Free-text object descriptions
▼

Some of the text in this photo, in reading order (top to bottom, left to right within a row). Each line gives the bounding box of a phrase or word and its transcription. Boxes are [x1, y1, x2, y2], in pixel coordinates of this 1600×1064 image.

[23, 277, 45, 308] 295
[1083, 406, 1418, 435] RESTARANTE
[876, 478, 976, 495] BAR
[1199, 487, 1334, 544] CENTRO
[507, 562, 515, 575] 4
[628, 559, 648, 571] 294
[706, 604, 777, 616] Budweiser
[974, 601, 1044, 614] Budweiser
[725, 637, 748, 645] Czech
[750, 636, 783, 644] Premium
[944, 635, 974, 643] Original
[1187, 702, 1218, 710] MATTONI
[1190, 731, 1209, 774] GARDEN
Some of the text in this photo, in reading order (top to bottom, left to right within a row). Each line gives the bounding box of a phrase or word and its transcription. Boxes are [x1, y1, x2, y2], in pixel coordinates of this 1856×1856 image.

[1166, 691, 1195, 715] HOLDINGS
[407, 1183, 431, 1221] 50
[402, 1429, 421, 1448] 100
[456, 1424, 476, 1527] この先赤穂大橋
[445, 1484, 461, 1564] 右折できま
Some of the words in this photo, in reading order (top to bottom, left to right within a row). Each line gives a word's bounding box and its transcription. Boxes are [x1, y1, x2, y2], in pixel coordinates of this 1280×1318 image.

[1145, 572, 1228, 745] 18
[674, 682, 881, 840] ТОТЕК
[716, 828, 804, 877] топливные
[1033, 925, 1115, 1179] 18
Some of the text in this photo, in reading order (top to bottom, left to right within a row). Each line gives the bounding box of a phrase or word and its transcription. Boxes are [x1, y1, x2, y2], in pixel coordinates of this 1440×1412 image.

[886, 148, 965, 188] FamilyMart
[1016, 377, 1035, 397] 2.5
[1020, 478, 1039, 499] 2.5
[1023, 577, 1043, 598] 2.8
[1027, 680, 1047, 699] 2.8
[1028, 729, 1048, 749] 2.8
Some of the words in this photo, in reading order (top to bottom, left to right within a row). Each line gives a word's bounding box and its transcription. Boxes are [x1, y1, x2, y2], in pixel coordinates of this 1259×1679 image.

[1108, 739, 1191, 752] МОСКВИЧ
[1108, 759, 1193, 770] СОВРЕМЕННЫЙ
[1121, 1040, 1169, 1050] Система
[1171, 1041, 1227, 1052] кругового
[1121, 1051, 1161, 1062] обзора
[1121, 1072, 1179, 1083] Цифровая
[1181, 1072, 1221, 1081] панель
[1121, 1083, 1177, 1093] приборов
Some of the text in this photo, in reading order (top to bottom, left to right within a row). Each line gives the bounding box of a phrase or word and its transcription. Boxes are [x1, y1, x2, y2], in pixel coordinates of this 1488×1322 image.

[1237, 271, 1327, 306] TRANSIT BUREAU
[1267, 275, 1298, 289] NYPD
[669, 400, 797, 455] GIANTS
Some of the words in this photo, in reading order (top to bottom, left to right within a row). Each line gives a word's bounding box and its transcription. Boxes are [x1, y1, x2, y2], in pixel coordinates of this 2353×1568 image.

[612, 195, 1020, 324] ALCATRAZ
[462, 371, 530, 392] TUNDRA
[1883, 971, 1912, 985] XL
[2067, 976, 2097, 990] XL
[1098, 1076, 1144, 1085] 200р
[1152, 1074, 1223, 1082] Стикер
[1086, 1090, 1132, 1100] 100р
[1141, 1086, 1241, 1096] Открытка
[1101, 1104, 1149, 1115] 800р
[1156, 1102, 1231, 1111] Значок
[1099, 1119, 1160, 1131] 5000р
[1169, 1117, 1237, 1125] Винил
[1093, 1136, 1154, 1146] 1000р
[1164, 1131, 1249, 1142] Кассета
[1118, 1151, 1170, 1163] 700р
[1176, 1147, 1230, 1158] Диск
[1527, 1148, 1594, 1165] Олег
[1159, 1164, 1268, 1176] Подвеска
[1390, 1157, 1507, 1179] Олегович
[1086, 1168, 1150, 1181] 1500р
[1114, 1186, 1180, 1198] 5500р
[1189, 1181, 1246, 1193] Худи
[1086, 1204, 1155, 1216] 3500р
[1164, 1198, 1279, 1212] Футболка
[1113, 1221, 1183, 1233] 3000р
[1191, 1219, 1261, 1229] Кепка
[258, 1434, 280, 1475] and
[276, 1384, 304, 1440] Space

▲

REQUIREMENT:
After locating the line with "this 1488×1322 image.", please repeat it and every line after it exactly, through the end of the data above.

ANSWER TO THE PROBLEM:
Some of the text in this photo, in reading order (top to bottom, left to right within a row). Each line gives the bounding box of a phrase or word and its transcription. Boxes are [x1, y1, x2, y2], in pixel coordinates of this 1488×1322 image.

[1237, 271, 1327, 306] TRANSIT BUREAU
[1267, 275, 1298, 289] NYPD
[669, 400, 797, 455] GIANTS
Some of the words in this photo, in reading order (top to bottom, left to right within a row). Each line gives a word's bounding box and its transcription. Boxes are [x1, y1, x2, y2], in pixel coordinates of this 2353×1568 image.

[612, 195, 1020, 324] ALCATRAZ
[462, 371, 530, 392] TUNDRA
[1883, 971, 1912, 985] XL
[2067, 976, 2097, 990] XL
[1098, 1076, 1144, 1085] 200р
[1152, 1074, 1223, 1082] Стикер
[1086, 1090, 1132, 1100] 100р
[1141, 1086, 1241, 1096] Открытка
[1101, 1104, 1149, 1115] 800р
[1156, 1102, 1231, 1111] Значок
[1099, 1119, 1160, 1131] 5000р
[1169, 1117, 1237, 1125] Винил
[1093, 1136, 1154, 1146] 1000р
[1164, 1131, 1249, 1142] Кассета
[1118, 1151, 1170, 1163] 700р
[1176, 1147, 1230, 1158] Диск
[1527, 1148, 1594, 1165] Олег
[1159, 1164, 1268, 1176] Подвеска
[1390, 1157, 1507, 1179] Олегович
[1086, 1168, 1150, 1181] 1500р
[1114, 1186, 1180, 1198] 5500р
[1189, 1181, 1246, 1193] Худи
[1086, 1204, 1155, 1216] 3500р
[1164, 1198, 1279, 1212] Футболка
[1113, 1221, 1183, 1233] 3000р
[1191, 1219, 1261, 1229] Кепка
[258, 1434, 280, 1475] and
[276, 1384, 304, 1440] Space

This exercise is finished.